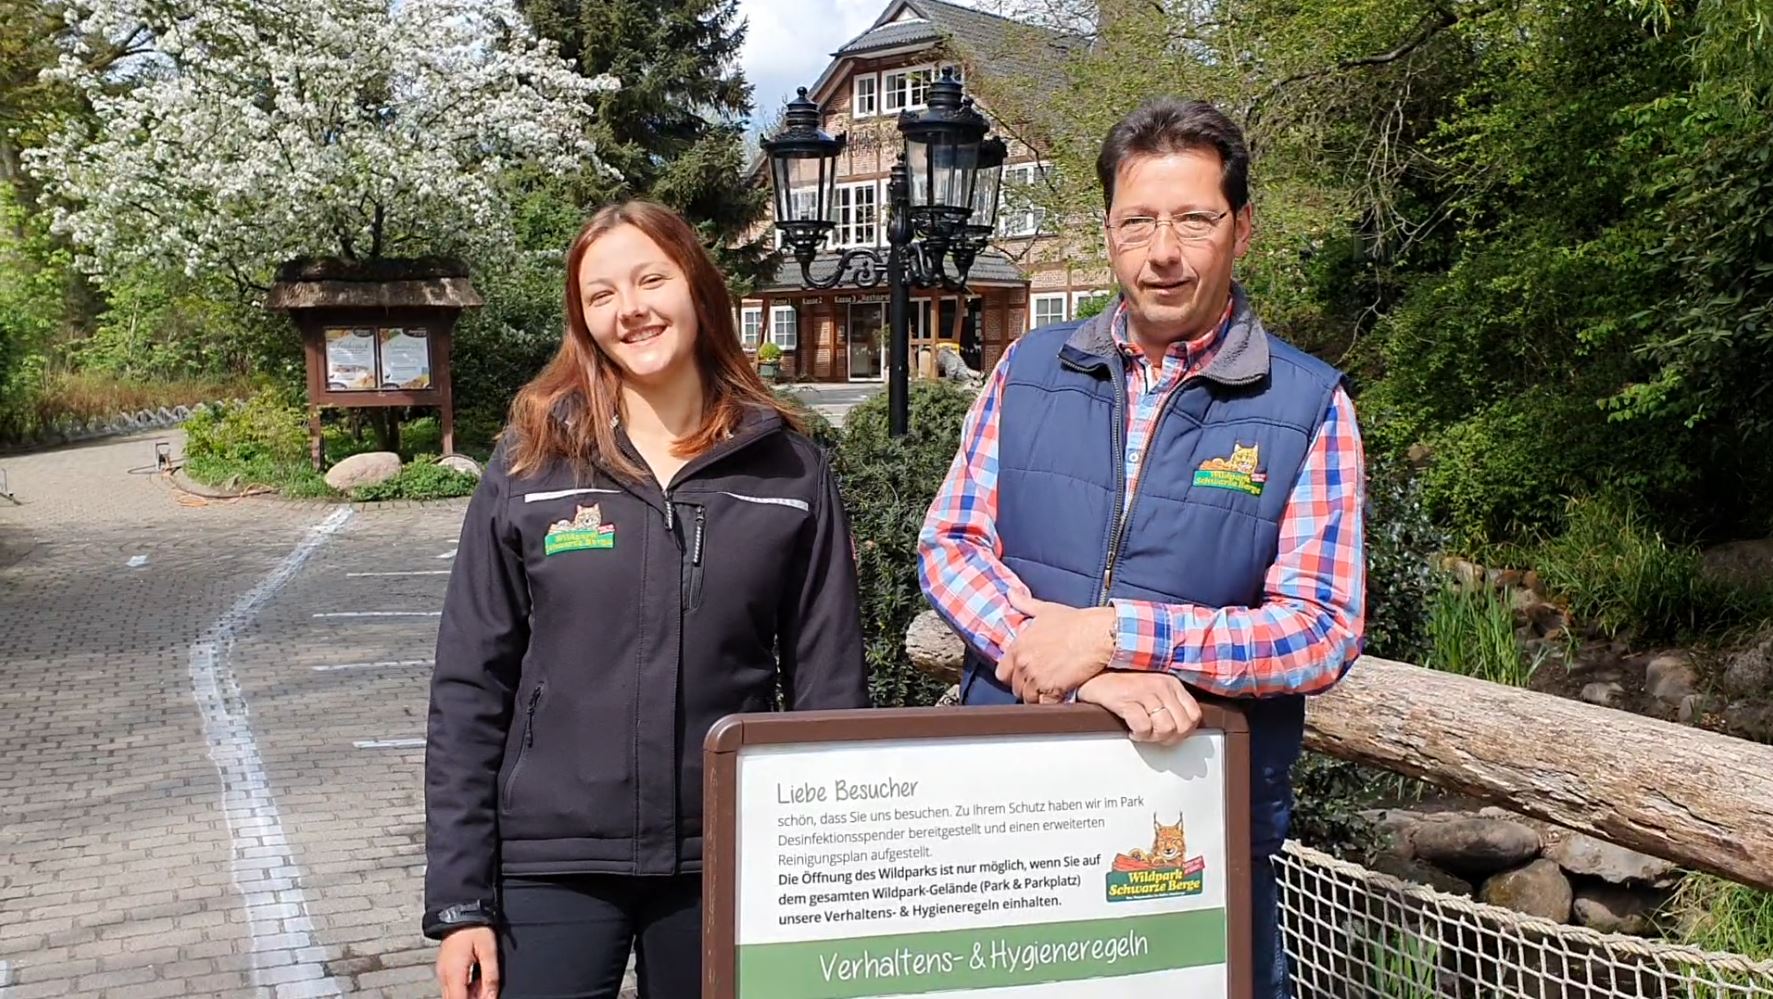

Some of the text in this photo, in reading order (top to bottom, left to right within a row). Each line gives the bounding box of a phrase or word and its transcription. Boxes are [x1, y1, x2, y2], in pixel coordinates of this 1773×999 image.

[777, 777, 919, 804] Liebe Besucher
[778, 795, 1145, 827] schön, dass Sie uns besuchen. Zu Ihrem Schutz haben wir im Park
[778, 817, 1105, 847] Desinfektionsspender bereitgestellt und einen erweiterten
[778, 846, 933, 868] Reinigungsplan aufgestellt.
[778, 853, 1102, 886] Die Öffnung des Wildparks ist nur möglich, wenn Sie auf
[779, 874, 1081, 907] dem gesamten Wildpark-Gelände (Park & Parkplatz)
[1108, 882, 1167, 896] Schwarze
[1168, 880, 1201, 892] Berge
[1128, 869, 1183, 884] Wildpark
[779, 896, 1062, 925] unsere Verhaltens- & Hygieneregeln einhalten.
[819, 929, 1149, 982] Verhaltens- & Hygieneregeln
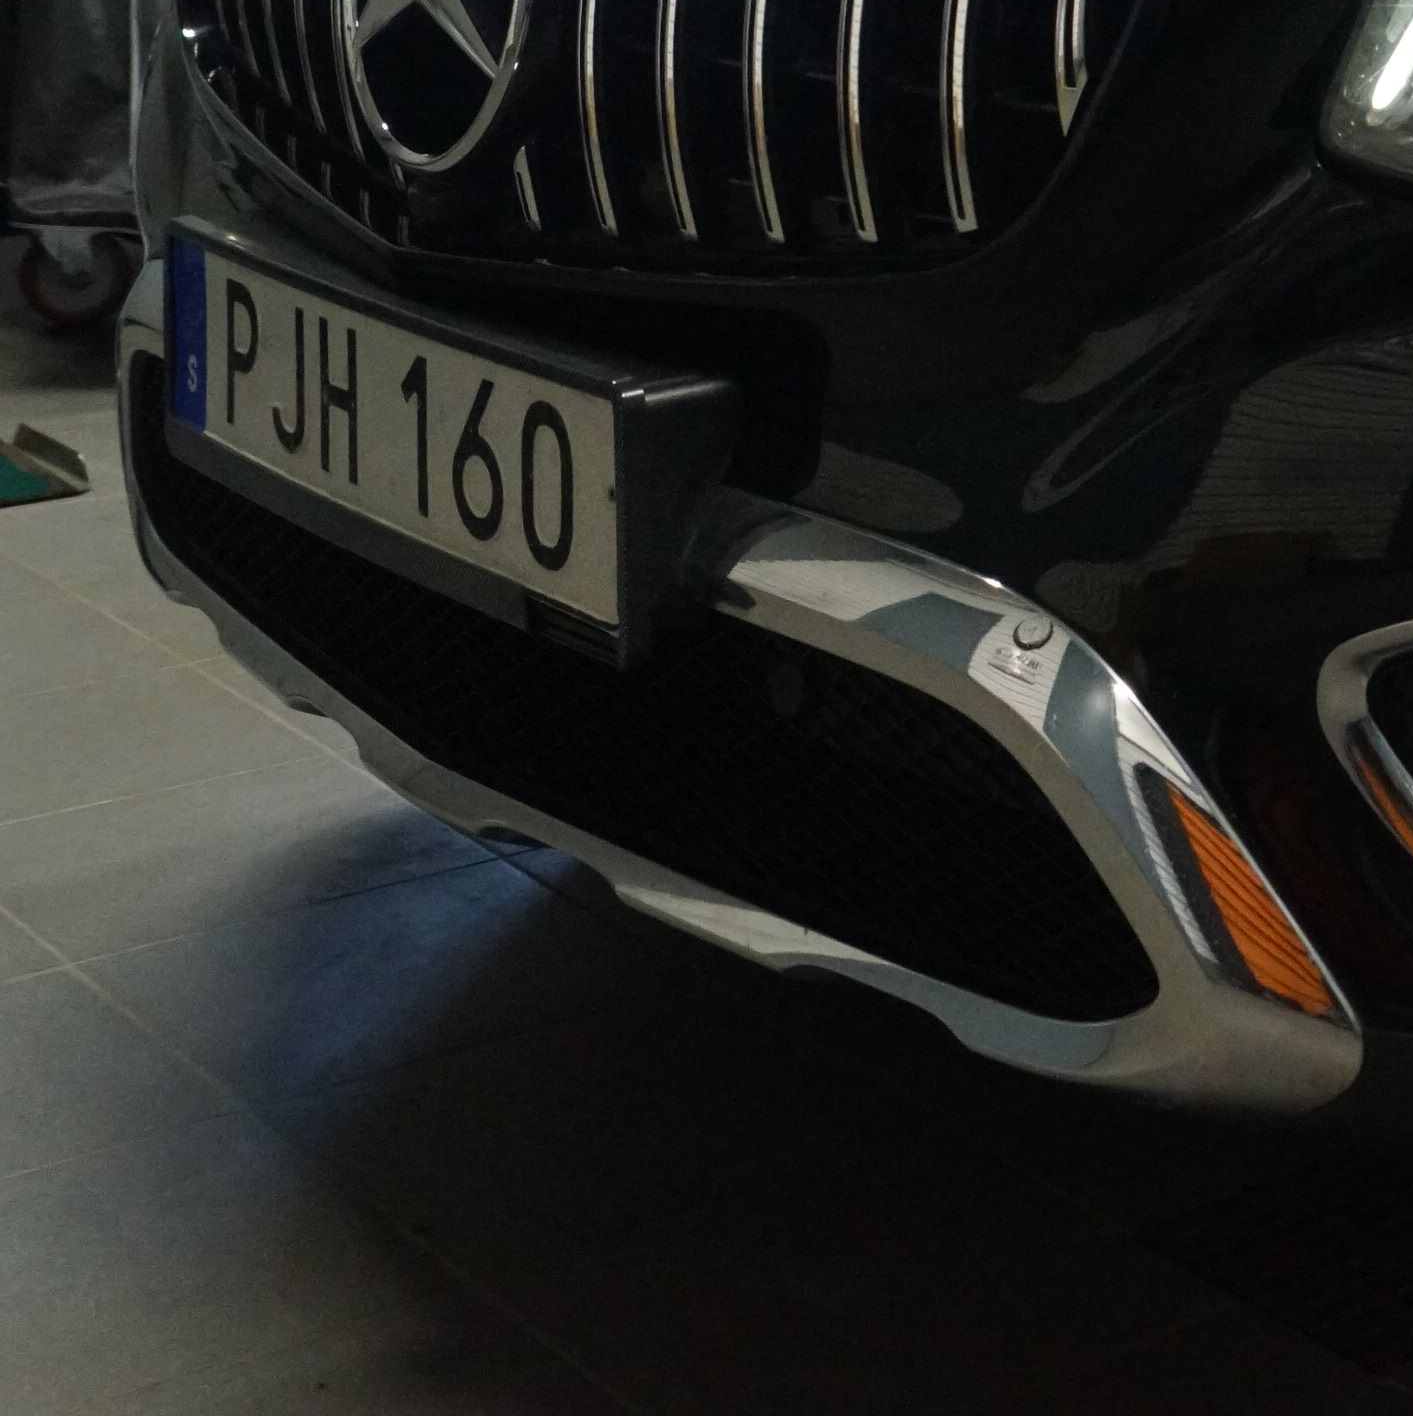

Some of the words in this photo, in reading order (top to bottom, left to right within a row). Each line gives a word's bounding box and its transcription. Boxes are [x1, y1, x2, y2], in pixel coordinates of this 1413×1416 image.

[187, 354, 199, 392] S
[226, 278, 358, 485] PJH
[401, 355, 575, 572] 160

### HOW TO COMPLETE THIS TASK
With every picture removed, give the entries above again exactly.

### ANSWER TO THIS TASK
Some of the text in this photo, in reading order (top to bottom, left to right within a row). Each line gives the bounding box of a phrase or word and its transcription. Boxes are [x1, y1, x2, y2], in pixel coordinates of this 1773×999 image.

[777, 777, 919, 804] Liebe Besucher
[778, 795, 1145, 827] schön, dass Sie uns besuchen. Zu Ihrem Schutz haben wir im Park
[778, 817, 1105, 847] Desinfektionsspender bereitgestellt und einen erweiterten
[778, 846, 933, 868] Reinigungsplan aufgestellt.
[778, 853, 1102, 886] Die Öffnung des Wildparks ist nur möglich, wenn Sie auf
[779, 874, 1081, 907] dem gesamten Wildpark-Gelände (Park & Parkplatz)
[1108, 882, 1167, 896] Schwarze
[1168, 880, 1201, 892] Berge
[1128, 869, 1183, 884] Wildpark
[779, 896, 1062, 925] unsere Verhaltens- & Hygieneregeln einhalten.
[819, 929, 1149, 982] Verhaltens- & Hygieneregeln

Some of the words in this photo, in reading order (top to bottom, left to right within a row). Each line gives a word's bounding box and its transcription. Boxes are [x1, y1, x2, y2], in pixel coordinates of this 1413×1416 image.

[187, 354, 199, 392] S
[226, 278, 358, 485] PJH
[401, 355, 575, 572] 160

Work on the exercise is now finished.